David Chiu Tat-cheong, whose company will inject funds into the i-Cable television network, has said that he expected at most a ten per cent cut in staff. He denied being a “red capitalist” and said the news channel will retain its editorial freedom.
Chiu said the network was losing around HK$300 million a year and he hoped it can make a one-off HK$200 million cut in costs. Part of the plan was to lay off at most ten per cent of the 2,000 current staff, but the exact amount has yet to be decided as the company has yet to inject the funds and receive a detailed report from the network’s management.
“From my view, media is different from other businesses. The biggest asset is the talent,” he said. “I can’t tell you how big the layoff will be, but I hope the HK$200 million cut would involve as little staff as possible.”
“We sincerely believe in the TV industry, we believe in the broadband industry, we will continue [to] expand the industry.”

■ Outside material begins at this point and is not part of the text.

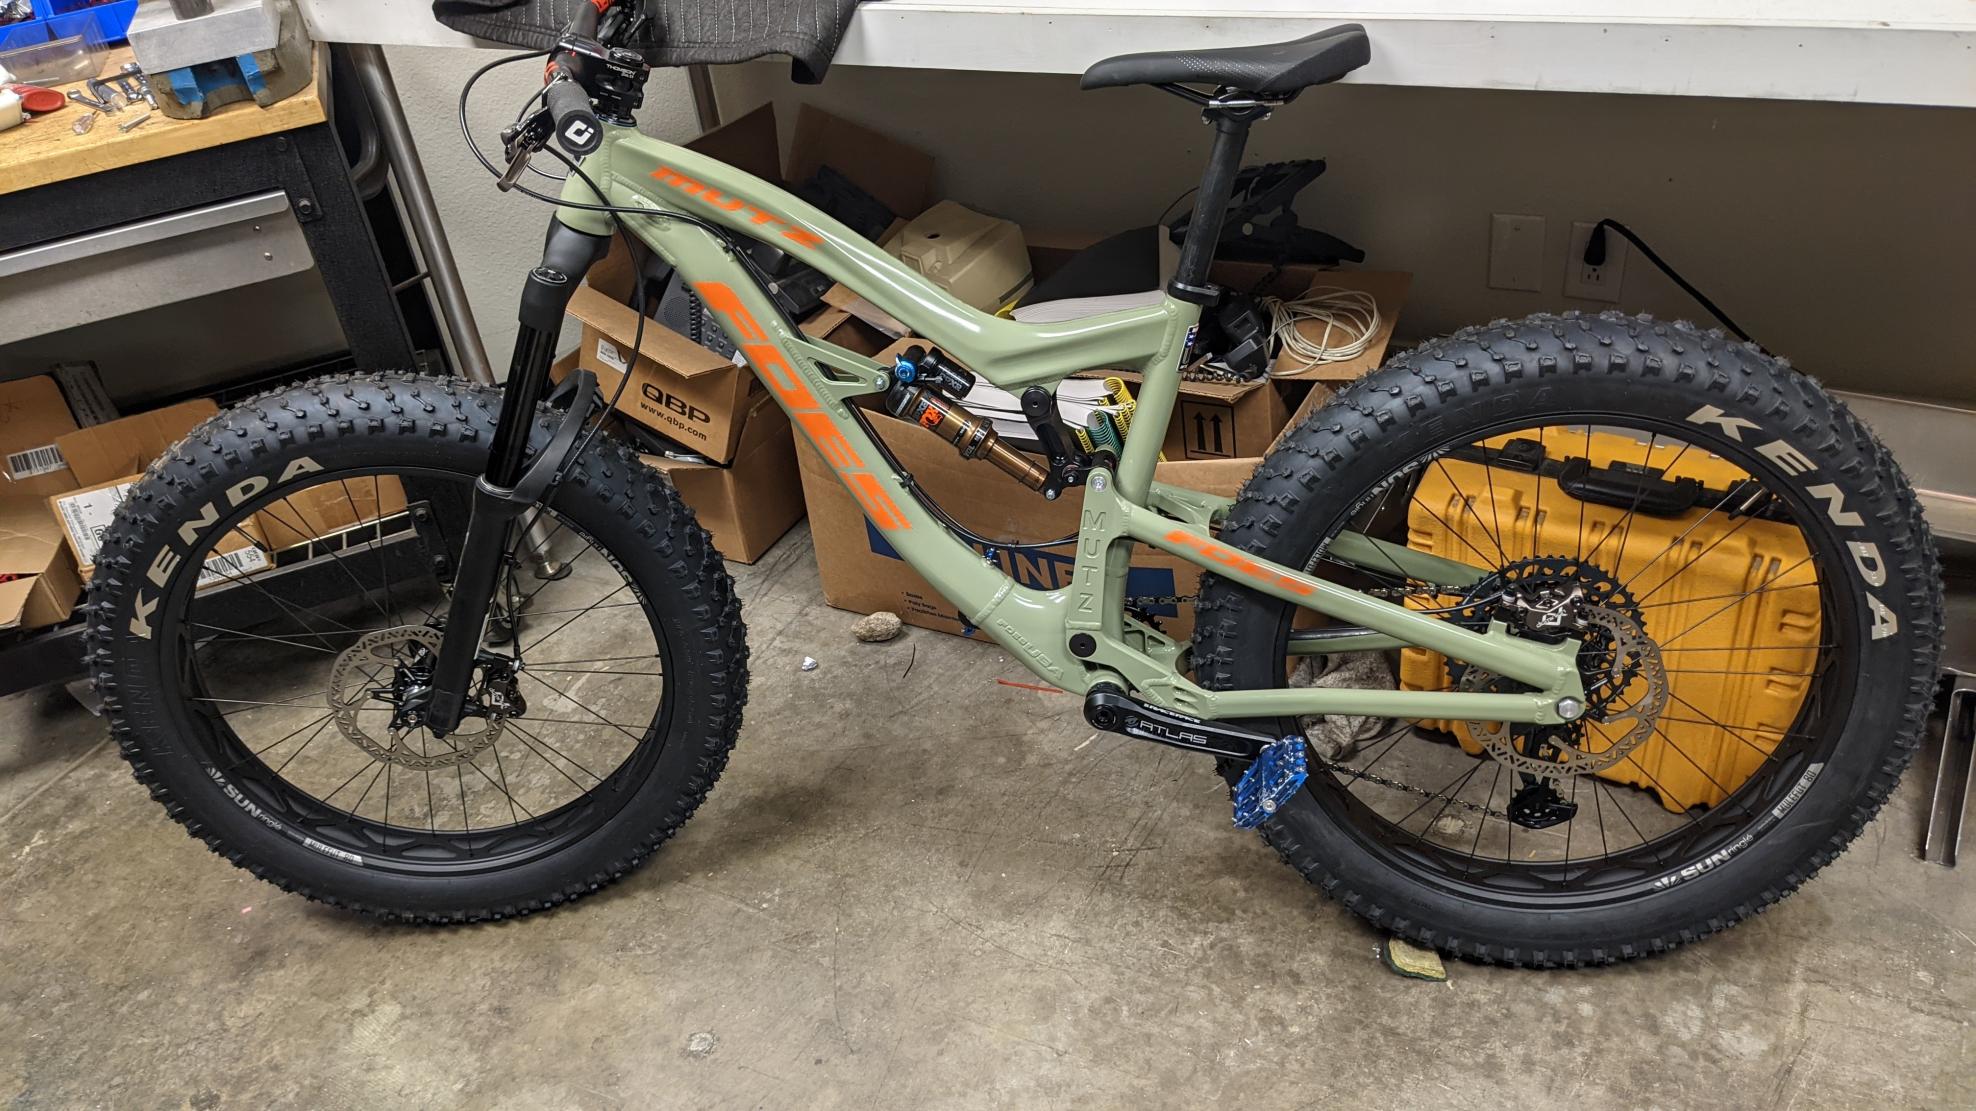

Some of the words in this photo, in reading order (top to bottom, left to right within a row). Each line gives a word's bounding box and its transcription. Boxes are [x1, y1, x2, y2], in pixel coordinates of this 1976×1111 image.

The new investor Forever Top is expected to raise HK$704 million in cash for the television network and become its largest shareholder.
Founded in 1993, i-Cable operates a 24-hour Cantonese-language news network in Hong Kong, and has received plaudits for its investigative journalism in Hong Kong and mainland China. But the channel’s future came into question last month after its parent company Wharf Holdings announced it would cease funding.
Wharf’s chairman Stephen Ng Tin-hoi is a pro-Beijing businessman, but the news channel has been known for a liberal stance.
Not red capitalists
The largest shareholder of Forever Top was real estate mogul Henry Cheng Kar-shun of New World Development. The two other shareholders are John Zhao Linghuan, the chairman of mainland private equity firm Hony Capital, and Li Sze-lim, chairman of the Guangzhou-based R&F Properties.
Pansy Ho Chiu-king, managing director of Shun Tak Holdings, pulled her shares from Forever Top before the announcement to invest in i-Cable. Chiu said it was because Forever Top spent more time than expected bidding for a free-to-air license and Ho decided not to invest more funds.
Chiu said he asked Cheng to join as Hong Kong regulations require two major shareholders of a television station to be based in Hong Kong.
Cheng is also a pro-Beijing businessman. But Chiu said under the new management, the news department would be “completely autonomous.”
“We understand that, other than news, other departments should have space for creative freedom – this is Forever Top’s principle,” he said. “Mr. Cheng and I are not red capitalists. We both grew up in Hong Kong and we both have investments in China, but which Hong Kong enterprise does not have investments in China?”
Forever Top said that it plans to strengthen the network’s financial news segment.
He said the channel’s strength was in local news and that it would likely keep its 24-hour news channel. “But to be honest, the other programmes on i-Cable have room to improve.”
“Hong Kong is an Asian financial hub. It is important to develop financial news,” he said. “The most correct approach would be to divert internal staff and resources into developing financial news.”
Chiu’s family owned the now-defunct Asia Television in the 1980s. Forever Top attempted to apply for its own free-to-air television license in 2015, but the application process was put on hold in 2016.
“I have been looking at mirror many times at this age,” Chiu said. “Is it really a good investment? The answer is not really. I guess we were emotionally attached to the industry.”
But he stressed that it would not be a bad investment for the shareholders of i-Cable’s stocks.
He also said the broadband services of i-Cable were still profitable: “We would actually expand our broadband.”